#### [REQUIREMENT]
Restate every entry word for word.

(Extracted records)
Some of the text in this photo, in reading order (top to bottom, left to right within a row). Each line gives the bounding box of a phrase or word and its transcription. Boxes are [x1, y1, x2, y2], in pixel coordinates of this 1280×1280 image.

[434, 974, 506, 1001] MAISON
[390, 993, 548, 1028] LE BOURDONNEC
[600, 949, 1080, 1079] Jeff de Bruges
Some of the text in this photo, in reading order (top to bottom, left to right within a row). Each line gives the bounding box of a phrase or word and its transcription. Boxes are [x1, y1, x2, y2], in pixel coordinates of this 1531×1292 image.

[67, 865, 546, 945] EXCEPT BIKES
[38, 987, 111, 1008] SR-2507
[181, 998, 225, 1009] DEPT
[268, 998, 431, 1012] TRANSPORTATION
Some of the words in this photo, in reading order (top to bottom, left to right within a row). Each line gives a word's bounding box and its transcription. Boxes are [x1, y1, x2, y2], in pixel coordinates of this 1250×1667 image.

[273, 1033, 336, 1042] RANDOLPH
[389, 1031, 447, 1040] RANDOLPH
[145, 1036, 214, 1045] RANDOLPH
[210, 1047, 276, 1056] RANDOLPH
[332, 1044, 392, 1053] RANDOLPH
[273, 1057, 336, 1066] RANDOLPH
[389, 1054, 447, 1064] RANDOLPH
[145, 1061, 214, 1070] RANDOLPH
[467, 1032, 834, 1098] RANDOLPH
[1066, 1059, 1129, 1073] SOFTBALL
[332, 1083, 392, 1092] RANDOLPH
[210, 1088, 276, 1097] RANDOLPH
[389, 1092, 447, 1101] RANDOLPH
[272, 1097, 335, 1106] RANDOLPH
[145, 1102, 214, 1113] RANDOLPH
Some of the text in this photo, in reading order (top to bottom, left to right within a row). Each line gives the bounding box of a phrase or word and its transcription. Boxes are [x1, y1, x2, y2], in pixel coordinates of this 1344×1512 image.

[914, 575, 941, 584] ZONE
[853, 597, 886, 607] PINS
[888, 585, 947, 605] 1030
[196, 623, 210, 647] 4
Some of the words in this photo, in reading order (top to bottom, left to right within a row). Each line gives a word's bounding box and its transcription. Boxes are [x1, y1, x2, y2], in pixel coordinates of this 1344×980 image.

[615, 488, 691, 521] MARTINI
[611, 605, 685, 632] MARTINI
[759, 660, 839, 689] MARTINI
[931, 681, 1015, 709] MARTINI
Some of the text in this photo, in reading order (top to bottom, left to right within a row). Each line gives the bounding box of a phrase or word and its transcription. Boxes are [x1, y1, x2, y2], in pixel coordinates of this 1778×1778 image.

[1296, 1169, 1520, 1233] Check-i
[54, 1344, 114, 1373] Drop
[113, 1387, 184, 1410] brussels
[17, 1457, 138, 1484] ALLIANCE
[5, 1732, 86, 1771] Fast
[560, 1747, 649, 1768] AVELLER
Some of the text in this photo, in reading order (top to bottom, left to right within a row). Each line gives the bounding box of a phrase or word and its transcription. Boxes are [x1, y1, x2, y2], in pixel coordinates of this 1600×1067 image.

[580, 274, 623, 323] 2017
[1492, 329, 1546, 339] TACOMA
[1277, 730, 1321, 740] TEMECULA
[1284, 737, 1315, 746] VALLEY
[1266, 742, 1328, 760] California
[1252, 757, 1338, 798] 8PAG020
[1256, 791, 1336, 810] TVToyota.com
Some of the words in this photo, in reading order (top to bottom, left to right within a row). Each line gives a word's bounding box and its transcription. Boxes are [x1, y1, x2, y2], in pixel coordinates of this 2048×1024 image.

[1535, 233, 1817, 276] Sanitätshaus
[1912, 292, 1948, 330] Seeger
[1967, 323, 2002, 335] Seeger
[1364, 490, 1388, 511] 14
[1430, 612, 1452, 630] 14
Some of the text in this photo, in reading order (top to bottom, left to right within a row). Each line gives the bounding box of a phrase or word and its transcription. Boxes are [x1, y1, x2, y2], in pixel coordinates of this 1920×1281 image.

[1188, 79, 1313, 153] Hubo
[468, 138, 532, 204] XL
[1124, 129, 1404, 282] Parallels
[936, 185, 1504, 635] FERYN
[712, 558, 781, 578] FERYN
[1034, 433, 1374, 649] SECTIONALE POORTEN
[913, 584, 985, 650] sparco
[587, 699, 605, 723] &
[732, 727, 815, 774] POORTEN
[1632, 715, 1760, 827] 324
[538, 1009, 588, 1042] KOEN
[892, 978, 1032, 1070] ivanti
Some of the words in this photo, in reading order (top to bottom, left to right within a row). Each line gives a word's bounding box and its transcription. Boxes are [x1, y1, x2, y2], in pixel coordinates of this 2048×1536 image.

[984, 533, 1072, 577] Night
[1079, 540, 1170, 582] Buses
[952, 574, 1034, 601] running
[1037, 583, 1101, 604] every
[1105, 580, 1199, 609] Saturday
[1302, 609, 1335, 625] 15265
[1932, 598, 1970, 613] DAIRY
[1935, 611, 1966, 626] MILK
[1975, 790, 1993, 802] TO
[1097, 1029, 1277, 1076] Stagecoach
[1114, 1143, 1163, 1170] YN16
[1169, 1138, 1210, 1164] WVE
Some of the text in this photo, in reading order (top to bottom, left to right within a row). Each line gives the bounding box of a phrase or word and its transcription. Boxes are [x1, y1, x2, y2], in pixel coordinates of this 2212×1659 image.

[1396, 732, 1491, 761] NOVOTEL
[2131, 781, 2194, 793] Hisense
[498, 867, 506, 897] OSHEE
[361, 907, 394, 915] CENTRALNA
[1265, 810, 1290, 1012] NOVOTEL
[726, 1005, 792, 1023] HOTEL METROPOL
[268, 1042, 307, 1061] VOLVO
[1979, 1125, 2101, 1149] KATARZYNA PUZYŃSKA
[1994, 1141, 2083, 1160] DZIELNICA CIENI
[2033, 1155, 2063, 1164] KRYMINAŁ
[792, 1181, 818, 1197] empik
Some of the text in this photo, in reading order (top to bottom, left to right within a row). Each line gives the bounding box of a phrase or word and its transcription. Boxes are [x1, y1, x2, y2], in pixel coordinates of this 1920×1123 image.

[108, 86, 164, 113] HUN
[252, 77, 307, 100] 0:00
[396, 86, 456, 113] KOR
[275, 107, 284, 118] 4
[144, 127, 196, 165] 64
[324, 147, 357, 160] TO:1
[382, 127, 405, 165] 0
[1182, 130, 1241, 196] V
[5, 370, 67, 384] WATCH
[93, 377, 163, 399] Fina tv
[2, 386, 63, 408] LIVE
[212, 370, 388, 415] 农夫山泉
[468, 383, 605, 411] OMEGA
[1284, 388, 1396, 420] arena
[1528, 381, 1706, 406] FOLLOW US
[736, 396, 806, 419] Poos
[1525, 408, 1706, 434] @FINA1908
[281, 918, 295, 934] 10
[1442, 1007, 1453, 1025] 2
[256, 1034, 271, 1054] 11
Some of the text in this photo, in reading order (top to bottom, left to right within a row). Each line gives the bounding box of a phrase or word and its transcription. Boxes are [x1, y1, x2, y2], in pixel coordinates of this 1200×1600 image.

#### [RESPONSE BELOW]
Some of the text in this photo, in reading order (top to bottom, left to right within a row). Each line gives the bounding box of a phrase or word and its transcription. Boxes are [x1, y1, x2, y2], in pixel coordinates of this 1280×1280 image.

[434, 974, 506, 1001] MAISON
[390, 993, 548, 1028] LE BOURDONNEC
[600, 949, 1080, 1079] Jeff de Bruges
Some of the text in this photo, in reading order (top to bottom, left to right within a row). Each line gives the bounding box of a phrase or word and its transcription. Boxes are [x1, y1, x2, y2], in pixel coordinates of this 1531×1292 image.

[67, 865, 546, 945] EXCEPT BIKES
[38, 987, 111, 1008] SR-2507
[181, 998, 225, 1009] DEPT
[268, 998, 431, 1012] TRANSPORTATION
Some of the words in this photo, in reading order (top to bottom, left to right within a row). Each line gives a word's bounding box and its transcription. Boxes are [x1, y1, x2, y2], in pixel coordinates of this 1250×1667 image.

[273, 1033, 336, 1042] RANDOLPH
[389, 1031, 447, 1040] RANDOLPH
[145, 1036, 214, 1045] RANDOLPH
[210, 1047, 276, 1056] RANDOLPH
[332, 1044, 392, 1053] RANDOLPH
[273, 1057, 336, 1066] RANDOLPH
[389, 1054, 447, 1064] RANDOLPH
[145, 1061, 214, 1070] RANDOLPH
[467, 1032, 834, 1098] RANDOLPH
[1066, 1059, 1129, 1073] SOFTBALL
[332, 1083, 392, 1092] RANDOLPH
[210, 1088, 276, 1097] RANDOLPH
[389, 1092, 447, 1101] RANDOLPH
[272, 1097, 335, 1106] RANDOLPH
[145, 1102, 214, 1113] RANDOLPH
Some of the text in this photo, in reading order (top to bottom, left to right within a row). Each line gives the bounding box of a phrase or word and its transcription. Boxes are [x1, y1, x2, y2], in pixel coordinates of this 1344×1512 image.

[914, 575, 941, 584] ZONE
[853, 597, 886, 607] PINS
[888, 585, 947, 605] 1030
[196, 623, 210, 647] 4
Some of the words in this photo, in reading order (top to bottom, left to right within a row). Each line gives a word's bounding box and its transcription. Boxes are [x1, y1, x2, y2], in pixel coordinates of this 1344×980 image.

[615, 488, 691, 521] MARTINI
[611, 605, 685, 632] MARTINI
[759, 660, 839, 689] MARTINI
[931, 681, 1015, 709] MARTINI
Some of the text in this photo, in reading order (top to bottom, left to right within a row). Each line gives the bounding box of a phrase or word and its transcription. Boxes are [x1, y1, x2, y2], in pixel coordinates of this 1778×1778 image.

[1296, 1169, 1520, 1233] Check-i
[54, 1344, 114, 1373] Drop
[113, 1387, 184, 1410] brussels
[17, 1457, 138, 1484] ALLIANCE
[5, 1732, 86, 1771] Fast
[560, 1747, 649, 1768] AVELLER
Some of the text in this photo, in reading order (top to bottom, left to right within a row). Each line gives the bounding box of a phrase or word and its transcription. Boxes are [x1, y1, x2, y2], in pixel coordinates of this 1600×1067 image.

[580, 274, 623, 323] 2017
[1492, 329, 1546, 339] TACOMA
[1277, 730, 1321, 740] TEMECULA
[1284, 737, 1315, 746] VALLEY
[1266, 742, 1328, 760] California
[1252, 757, 1338, 798] 8PAG020
[1256, 791, 1336, 810] TVToyota.com
Some of the words in this photo, in reading order (top to bottom, left to right within a row). Each line gives a word's bounding box and its transcription. Boxes are [x1, y1, x2, y2], in pixel coordinates of this 2048×1024 image.

[1535, 233, 1817, 276] Sanitätshaus
[1912, 292, 1948, 330] Seeger
[1967, 323, 2002, 335] Seeger
[1364, 490, 1388, 511] 14
[1430, 612, 1452, 630] 14
Some of the text in this photo, in reading order (top to bottom, left to right within a row). Each line gives the bounding box of a phrase or word and its transcription. Boxes are [x1, y1, x2, y2], in pixel coordinates of this 1920×1281 image.

[1188, 79, 1313, 153] Hubo
[468, 138, 532, 204] XL
[1124, 129, 1404, 282] Parallels
[936, 185, 1504, 635] FERYN
[712, 558, 781, 578] FERYN
[1034, 433, 1374, 649] SECTIONALE POORTEN
[913, 584, 985, 650] sparco
[587, 699, 605, 723] &
[732, 727, 815, 774] POORTEN
[1632, 715, 1760, 827] 324
[538, 1009, 588, 1042] KOEN
[892, 978, 1032, 1070] ivanti
Some of the words in this photo, in reading order (top to bottom, left to right within a row). Each line gives a word's bounding box and its transcription. Boxes are [x1, y1, x2, y2], in pixel coordinates of this 2048×1536 image.

[984, 533, 1072, 577] Night
[1079, 540, 1170, 582] Buses
[952, 574, 1034, 601] running
[1037, 583, 1101, 604] every
[1105, 580, 1199, 609] Saturday
[1302, 609, 1335, 625] 15265
[1932, 598, 1970, 613] DAIRY
[1935, 611, 1966, 626] MILK
[1975, 790, 1993, 802] TO
[1097, 1029, 1277, 1076] Stagecoach
[1114, 1143, 1163, 1170] YN16
[1169, 1138, 1210, 1164] WVE
Some of the text in this photo, in reading order (top to bottom, left to right within a row). Each line gives the bounding box of a phrase or word and its transcription. Boxes are [x1, y1, x2, y2], in pixel coordinates of this 2212×1659 image.

[1396, 732, 1491, 761] NOVOTEL
[2131, 781, 2194, 793] Hisense
[498, 867, 506, 897] OSHEE
[361, 907, 394, 915] CENTRALNA
[1265, 810, 1290, 1012] NOVOTEL
[726, 1005, 792, 1023] HOTEL METROPOL
[268, 1042, 307, 1061] VOLVO
[1979, 1125, 2101, 1149] KATARZYNA PUZYŃSKA
[1994, 1141, 2083, 1160] DZIELNICA CIENI
[2033, 1155, 2063, 1164] KRYMINAŁ
[792, 1181, 818, 1197] empik
Some of the text in this photo, in reading order (top to bottom, left to right within a row). Each line gives the bounding box of a phrase or word and its transcription. Boxes are [x1, y1, x2, y2], in pixel coordinates of this 1920×1123 image.

[108, 86, 164, 113] HUN
[252, 77, 307, 100] 0:00
[396, 86, 456, 113] KOR
[275, 107, 284, 118] 4
[144, 127, 196, 165] 64
[324, 147, 357, 160] TO:1
[382, 127, 405, 165] 0
[1182, 130, 1241, 196] V
[5, 370, 67, 384] WATCH
[93, 377, 163, 399] Fina tv
[2, 386, 63, 408] LIVE
[212, 370, 388, 415] 农夫山泉
[468, 383, 605, 411] OMEGA
[1284, 388, 1396, 420] arena
[1528, 381, 1706, 406] FOLLOW US
[736, 396, 806, 419] Poos
[1525, 408, 1706, 434] @FINA1908
[281, 918, 295, 934] 10
[1442, 1007, 1453, 1025] 2
[256, 1034, 271, 1054] 11
Some of the text in this photo, in reading order (top to bottom, left to right within a row). Each line gives the bounding box of a phrase or word and its transcription. Boxes are [x1, y1, x2, y2], in pixel coordinates of this 1200×1600 image.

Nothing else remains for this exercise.